A15: CaSR and T1Rs: dimeric class C GPCRs with a venus flytrap domain

Marianne Mühlbacher1, Prof. Dr. Norbert Sträter1

 

1Universität Leipzig, Leipzig, Germany

marianne.muehlbacher@bbz.uni-leipzig.de

 

The calcium-sensing receptor (CaSR) and the sweet and umami taste receptors (T1R) belong to class C of GPCRs and have a venus flytrap domain (VFD) and a cysteine-rich region (CRR) at their N-terminus. While the CaSR forms a homodimer, the T1R receptors are heterodimers. The CaSR is best known for its role in calcium homeostasis, but it is also involved in taste sensing (Sato et al. 2022). Taste receptors on the other hand are to date mostly known for being responsible for taste sensing, giving organisms the ability to differentiate between sources of nutrition and potentially poisonous food (Töle et al. 2019). But they are also expressed in other tissues, like the upper airways and there has been recent research that the T1Rs function as chemoreceptors in the respiratory system, heart and intestine (Servant and Frerot 2021; Lee et al. 2014). The CaSR ectodomain structure has been determined by Geng et al. (2016) and Zhang et al. (2016). While the binding pocket for amino acids and small peptides is well characterized, only one binding site for Ca2+ ions has been unambiguously identified per protomer.
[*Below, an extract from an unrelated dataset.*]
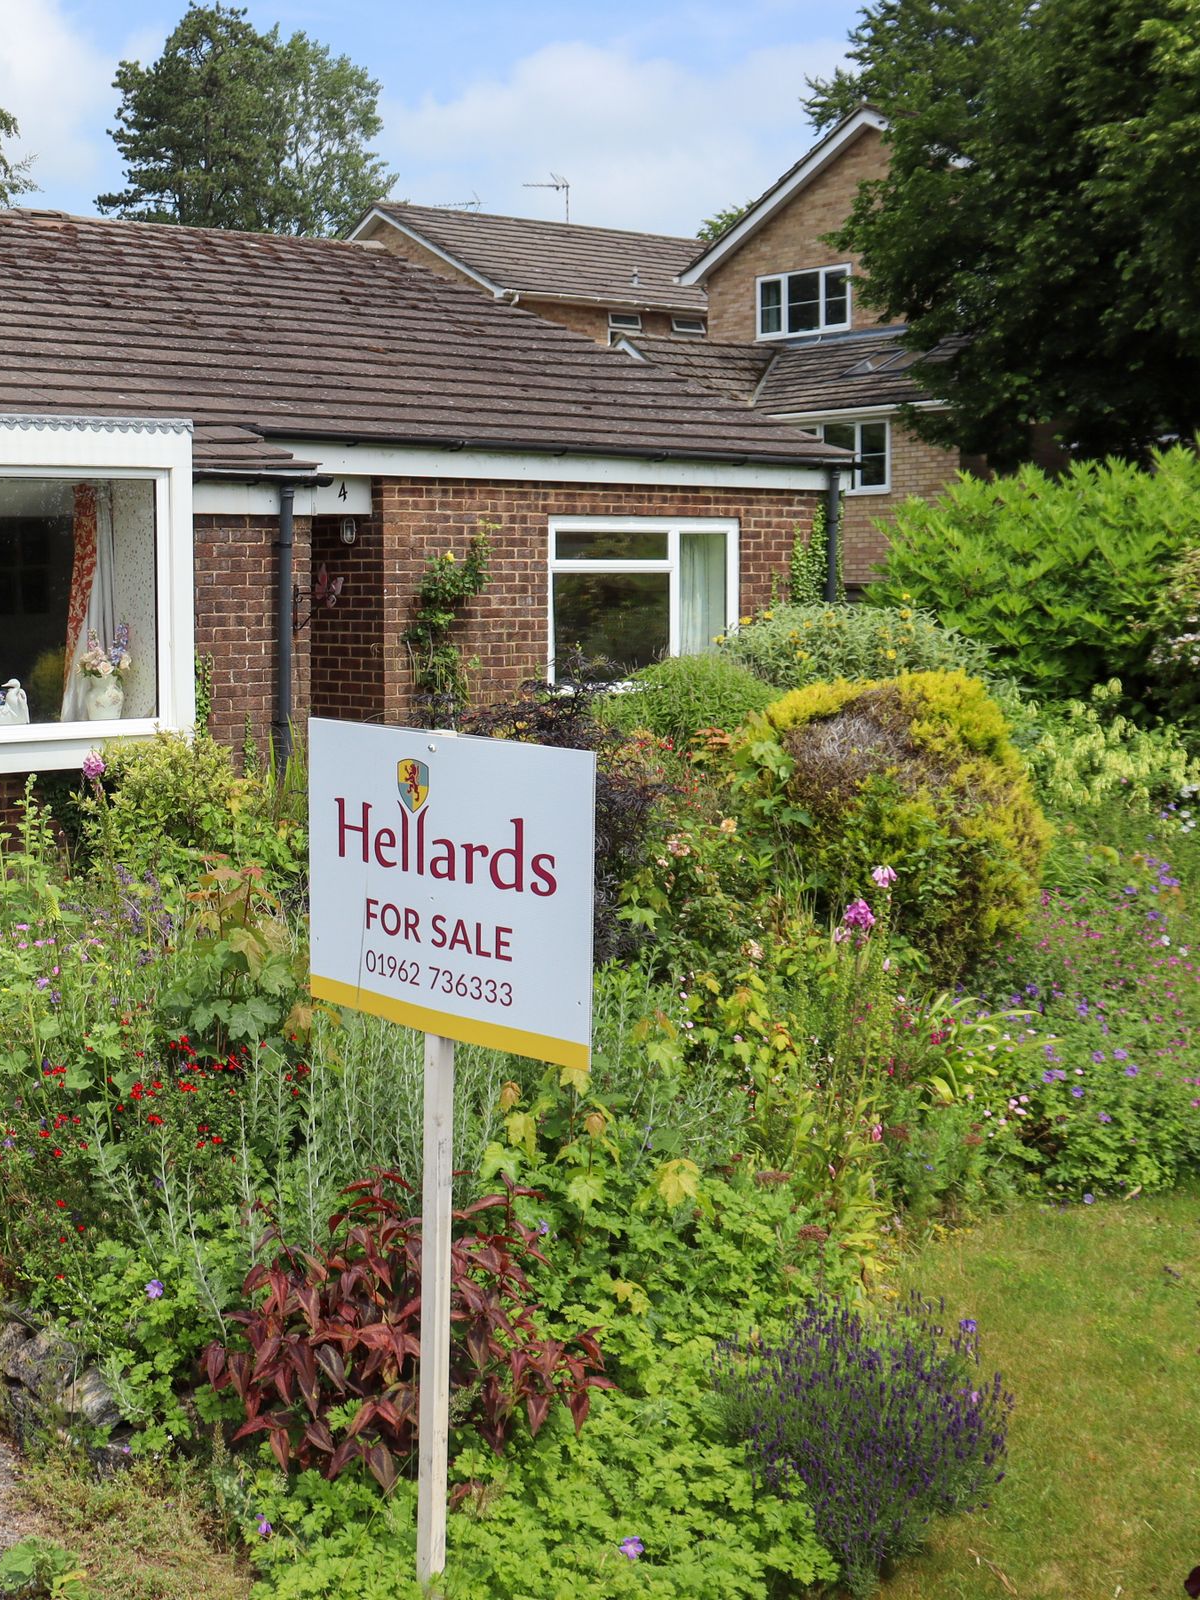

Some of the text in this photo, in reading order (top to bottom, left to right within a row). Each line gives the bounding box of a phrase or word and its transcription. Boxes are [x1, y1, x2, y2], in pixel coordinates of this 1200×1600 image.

[337, 481, 349, 503] 4
[334, 797, 558, 897] Hellards
[365, 897, 513, 962] FOR SALE
[365, 949, 513, 1007] 01962 736333
Since the CaSR displays cooperative calcium binding with Hill coefficients larger than 2 in many studies, it is likely that more bindings sites for calcium ions exist. We are trying to identify such additional binding sites by a variation of calcium ion concentration and detection of the ions by anomalous scattering at long wavelength. Of particular interest is also the allosteric modulation of the CaSR, for treatment of hyperparathyroidism and parathyroid carcinoma. Two drugs that target the CaSR are currently on the market, cinacalcet and etelcalcetide. Both are allosteric activators and mimick the action of calcium ions. It is also known that aromatic amino acids, specifically L-tryptophane, show a high affinity to the protein (Sato et al. 2022). Therefore, small molecules with a structure mimicking L-Trp are investigated for binding. On the other hand no drugs blocking the CaSR have shown sufficient results yet (Nemeth and Shoback 2013). Structure-based ligand development can therefore be used to identify new modulators binding to the venus flytrap domain.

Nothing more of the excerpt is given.